Recuerdo que de pequeño, al retornar a casa en coche, mi padre solía exclamar de repente “ya estamos en Barcelona”. Circulábamos aún a kilómetros de distancia y ya se divisaba un punto de luz en la oscuridad del horizonte: el templo del Sagrado Corazón en el Tibidabo. Para muchas generaciones su iluminación es una parte de la identidad barcelonesa, y para los creyentes, también de espiritualidad.

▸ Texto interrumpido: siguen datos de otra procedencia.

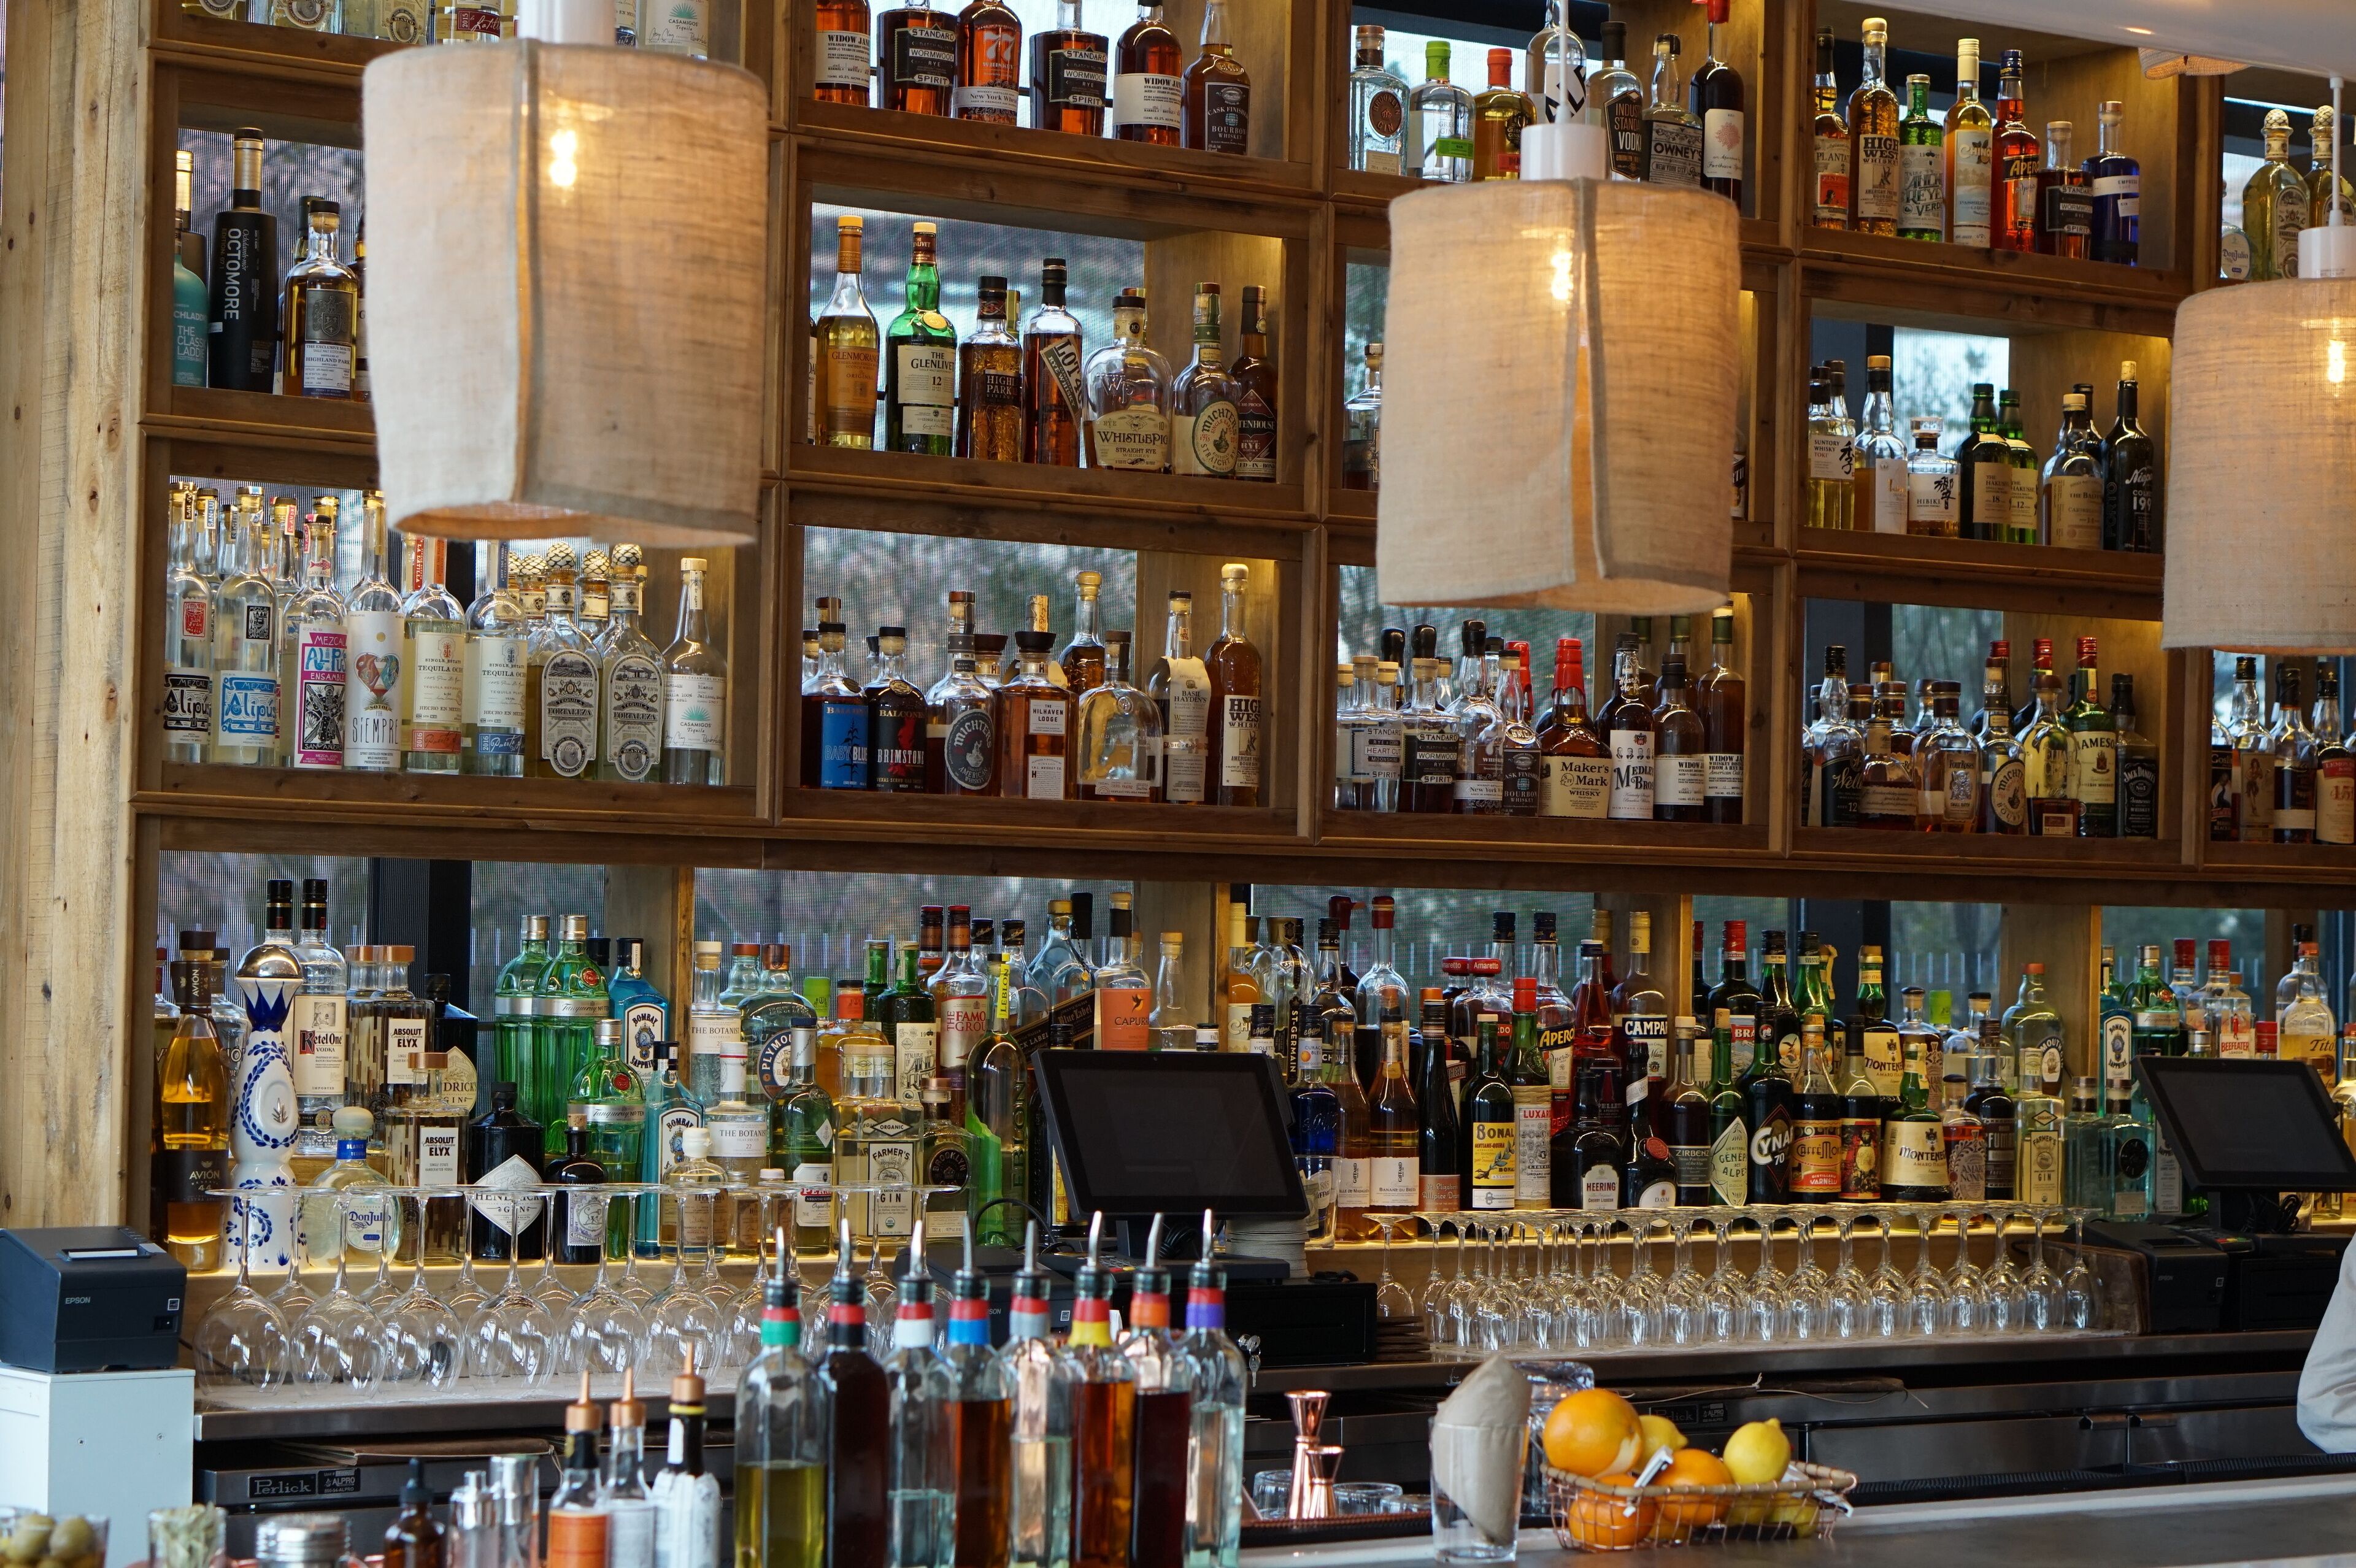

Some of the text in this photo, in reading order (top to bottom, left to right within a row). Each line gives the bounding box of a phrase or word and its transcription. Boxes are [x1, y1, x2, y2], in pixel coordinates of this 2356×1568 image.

[828, 34, 855, 44] WIDOW
[912, 29, 955, 42] STANDARD
[983, 31, 1015, 61] 77
[910, 48, 955, 60] WORMWOOD
[1067, 50, 1107, 63] STANDARD
[917, 75, 949, 86] SPIRIT
[1066, 70, 1107, 83] WORMWOOD
[1144, 77, 1169, 89] WIDOW
[970, 92, 1003, 102] New York
[1072, 95, 1102, 107] SPIRIT
[1372, 94, 1401, 115] BROOKLYN
[1207, 110, 1226, 122] CASK
[1212, 126, 1247, 135] BOURBON
[1377, 122, 1394, 133] GIN
[1863, 137, 1899, 150] HIGH
[1863, 149, 1899, 160] WEST
[1656, 166, 1686, 179] NEW YORK CITY
[2010, 160, 2040, 177] APERO
[2065, 225, 2089, 234] SPIRIT
[224, 228, 242, 320] OCTOMORE
[177, 326, 195, 336] THE
[931, 352, 945, 361] THE
[931, 376, 942, 389] 12
[986, 384, 1013, 396] PARK
[1241, 442, 1261, 450] RYE
[1992, 494, 2001, 504] 18
[2017, 500, 2025, 509] 12
[314, 635, 347, 648] MEZCAL
[417, 665, 451, 674] TEQUILA
[482, 669, 515, 678] TEQUILA
[177, 678, 206, 688] MEZCAL
[241, 682, 272, 692] MEZCAL
[555, 698, 583, 707] TEQUILA
[622, 702, 649, 712] TEQUILA
[1368, 728, 1401, 736] STANDARD
[1419, 734, 1458, 742] STANDARD
[825, 746, 868, 761] BABY BLUE
[877, 748, 924, 764] BRIMSTONE
[1366, 747, 1390, 756] HEART
[1417, 751, 1456, 761] WORMWOOD
[1560, 761, 1609, 775] Maker's
[1372, 771, 1398, 779] SPIRIT
[1423, 775, 1450, 783] SPIRIT
[1575, 775, 1609, 788] Mark
[1848, 802, 1858, 812] 12
[1474, 959, 1499, 969] Amaretto
[999, 969, 1010, 1013] LEBLON
[562, 1002, 598, 1013] Tanqueray
[631, 1013, 659, 1026] BOMBAY
[393, 1028, 422, 1040] ABSOLUT
[691, 1026, 740, 1035] THE BOTANIST
[1735, 1028, 1755, 1039] BRA
[2109, 1024, 2126, 1034] BOMBAY
[300, 1030, 342, 1055] Ketel One
[396, 1039, 418, 1048] ELYX
[1289, 1010, 1299, 1073] ST-GERMAIN
[1539, 1028, 1575, 1048] APERO
[2220, 1041, 2250, 1053] BEEFEATER
[2309, 1037, 2336, 1051] Tito
[593, 1109, 629, 1118] Tanqueray
[666, 1118, 695, 1132] BOMBAY
[720, 1129, 736, 1139] THE
[1476, 1124, 1515, 1141] BONAL
[425, 1136, 455, 1149] ABSOLUT
[2032, 1136, 2056, 1148] FARMER'S
[429, 1147, 450, 1156] ELYX
[872, 1148, 911, 1161] FARMER'S
[932, 1150, 968, 1172] BROOKLYN
[1774, 1152, 1785, 1166] 70
[189, 1169, 220, 1180] AVIÓN
[2038, 1172, 2051, 1182] GIN
[1586, 1181, 1616, 1191] HEERING
[880, 1193, 902, 1204] GIN
[65, 1296, 91, 1305] EPSON
[332, 1476, 356, 1485] ALPRO
[254, 1479, 312, 1495] Perlick

El templo encendido arrojaba luz en la oscuridad de la montaña. Servía de guía en la distancia para quienes arribaban a nuestra ciudad por carretera o en avión y, en la cercanía, realzaba su construcción singular con su apariencia de fortaleza almenada obra del arquitecto Enrique Sagnier. Su luz emanaba desde el anochecer hasta el amanecer sin interrupción alguna.

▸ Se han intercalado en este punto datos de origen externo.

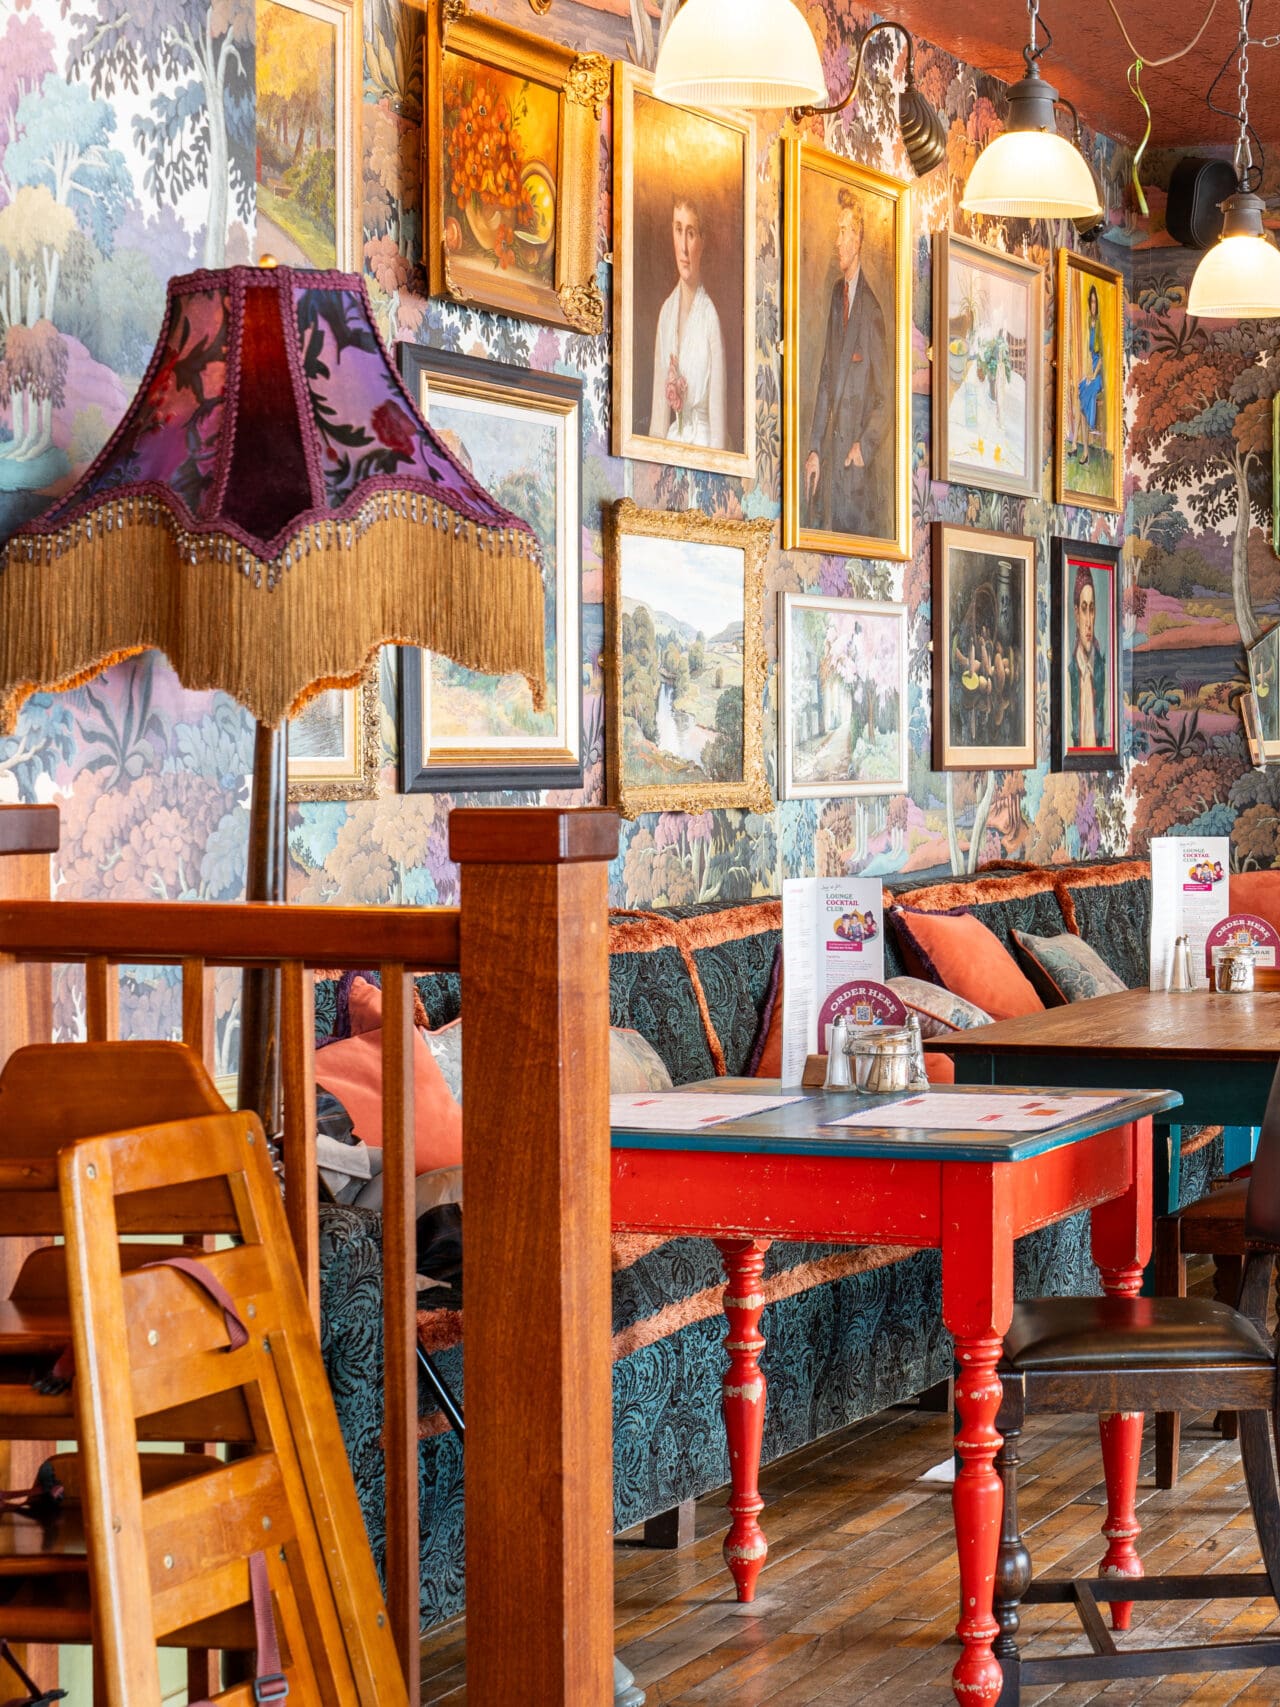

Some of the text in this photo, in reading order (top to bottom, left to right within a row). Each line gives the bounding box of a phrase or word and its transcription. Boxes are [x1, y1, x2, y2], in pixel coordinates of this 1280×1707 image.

[1216, 919, 1271, 938] ORDER HERE
[830, 987, 898, 1014] ORDER HERE

Algunos particulares sufragan el encendido con ofrendas puntuales a 20 euros la hora
Han transcurrido muchos años desde aquel 1898 en que se entregaron los terrenos a Don Bosco, después santo, y de aquel inicio de obras en 1902 con el cardenal Casañas al que prosiguió el impulso final por Amelia Vívé, seudónimo de María Victoria, quien promovió la campaña de dádivas para sufragar su coste tras los sacrilegios de la Setmana Tràgica de 1909. No son pocos los enfermos que han hallado consuelo y sí muchos los vecinos con sus ventanas encaradas al Tibidabo para los que el templo, iluminado o no, ha sido oratorio o un referente de su cotidianidad.

Así luce el Tibidabo iluminado
Sin embargo, el Tibidabo se apaga en su iluminación plena. La luz es la excepción, y solo es visible en los horarios restringidos del funcionamiento nocturno del parque de atracciones. Lo mismo sucede con el templo. Ahora es habitual en él una dilatada oscuridad solo rota por ofrendas puntuales de particulares que sufragan el encendido a 20 euros la hora, eso sí, sin exceder este de las 12 de la noche o durante el horario normal de 20 a 21 horas. Así, raro u ocasional es el día que lo vemos iluminado y ya nunca en toda la franja horaria íntegra de oscuridad, como era costumbre desde 1961, cuando el papa Juan XXIII la encendió.
Hubo quien desde el gobierno municipal atacó su proyección por considerarla contaminación lumínica. Llegaron leyes y ordenanzas paisajísticas y medioambientales tan exigentes con el templo como condescendientes con el parque de atracciones. Afloraron los complejos y desidias desde el ámbito eclesiástico para velar por su continuidad en plenitud nocturna. Y entre tantos todos a una contra la luz, me resisto a creer que de nada sirven las nuevas tecnologías austeras en el consumo eléctrico o de certeras angulaciones de los proyectores de luz u otras medidas para mantenerlo siempre iluminado.
El Sagrado Corazón y la Sagrada Família comparten ser templos expiatorios y que ambos deben soportar la censura de la luz. A la basílica gaudiniana, tras ser encendida hace tres años la estrella luminosa que remata la torre de la Virgen María, también le cercenaron horas y días de iluminación. Uno y otra sí son la buena estrella en el firmamento barcelonés y no la emplazada en la plaza Sant Jaume por el Ayuntamiento en formato astro meteorito en sustitución del pesebre.
La luz en el Tibidabo y en la Sagrada Família merece todo el reconocimiento y apoyo. Ya lo tienen de la mayoría de barceloneses, pero no así de nuestras instituciones ni en lo normativo ni en lo económico. No son menos que, por ejemplo, los haces de luz proyectados desde Montjuïc. Templo y basílica son indudables señas de identidad nuestras y de refrendo de raíces cristianas. Por eso y como antaño, y más en estas fechas navideñas, me parece oportuno reclamar: ¡que nos ilumine el Tibidabo!